With some wines, it pays to be patient. Despite what many wine critics will tell you, it’s hard to know with any certainty how a wine will develop in the bottle. When a critic writes, “Drink now through 2025” that’s just a predication. Not that it might not be an educated guess.

Some wineries have track records of producing wines that age and develop gracefully over a period of decades. Then again, not every wine will do so. Even those from the best wineries in the world.

Why do I bring this up? It’s all about our wine of the week: Macari Vineyards 2010 Cabernet Franc.

I first tasted it in late 2014, not long after it won a gold medal and “Best in Class” for red wines at the 2014 New York Wine & Food Classic. I’m not one to be influenced by medals and awards, but I still wanted to taste the wine that was chosen as the best red in the state by that competition’s judges.

Macari always does a nice job with cabernet franc, but I didn’t love this wine the first time I tasted it. The fruit was a bit candied, the tannins and oak a bit too forward. I wouldn’t call it disjointed or angular — but it was definitely a bit tense and uptight.
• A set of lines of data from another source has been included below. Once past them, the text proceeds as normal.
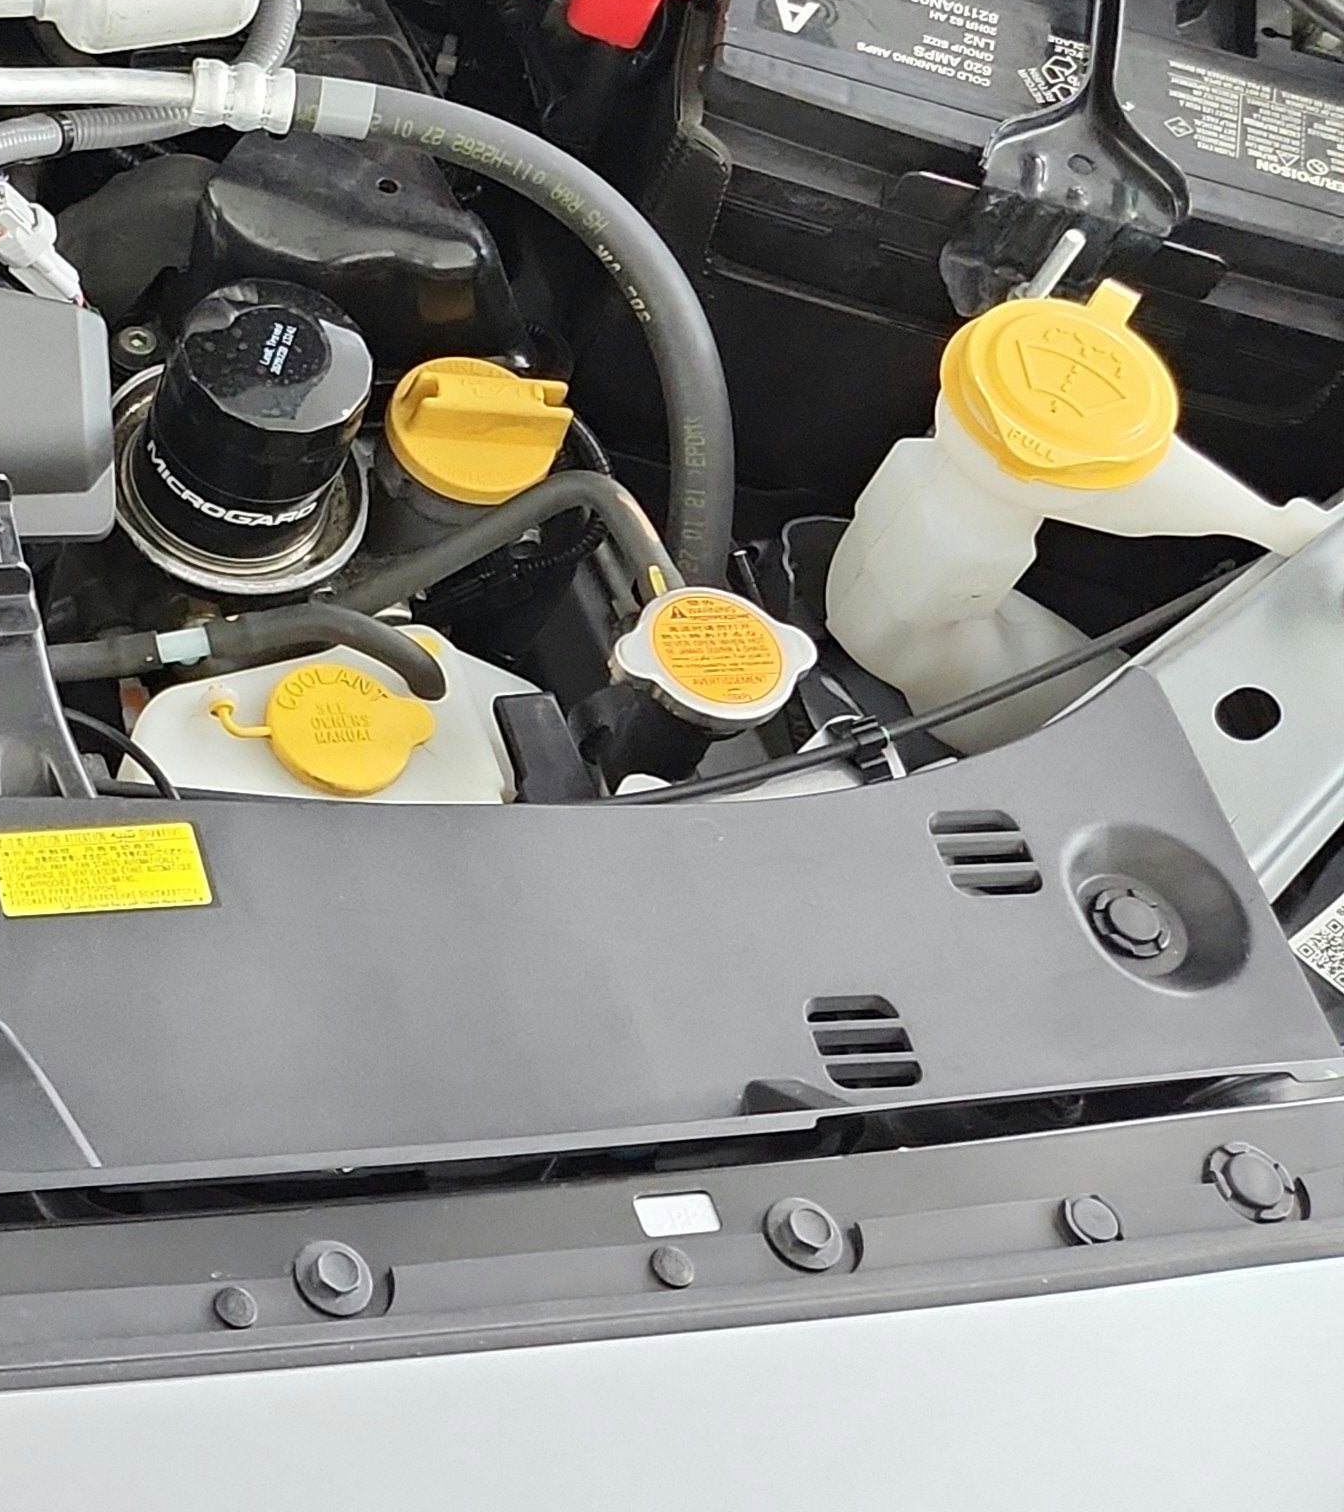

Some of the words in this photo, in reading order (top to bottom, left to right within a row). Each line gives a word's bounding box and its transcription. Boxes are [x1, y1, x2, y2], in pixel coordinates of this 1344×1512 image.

[929, 10, 949, 22] AH
[965, 20, 998, 36] 20HR
[856, 41, 892, 59] AMPS
[922, 35, 950, 49] SIZE
[963, 33, 996, 51] LN2
[913, 45, 962, 67] AMPS
[950, 43, 994, 62] GROUP
[893, 52, 956, 77] CRANKING
[963, 59, 993, 76] 620
[956, 70, 991, 87] COLD
[1017, 69, 1047, 104] RETOUR
[392, 117, 413, 138] 01
[421, 125, 445, 145] 27
[582, 210, 610, 235] HS
[1007, 428, 1055, 463] PULL
[146, 439, 318, 526] MICROGARD
[276, 669, 389, 710] COOLANT
[315, 702, 346, 715] SEE
[310, 714, 371, 729] OWNERS
[314, 729, 374, 744] MANUAL
A year later, however, it’s a completely different wine with ripe raspberry and blackberry fruit qualities as well as licorice and dried herb accents. It’s still a full-bodied, concentrated wine, but the edges have softened and it has found its balance. It’s at once chewy and soft with a nice bit of acidity to keep it lively as it lingers on your palate.

Where will this wine be a year or 10 years from now? I don’t really know. But my guess is that it will continue to lose some of the overtly fruity character and develop more earthy, licorice-herb notes.

It sells for $35 in Macari’s Mattituck (150 Bergen Ave.) and Cutchogue (24385 Main Road) tasting rooms.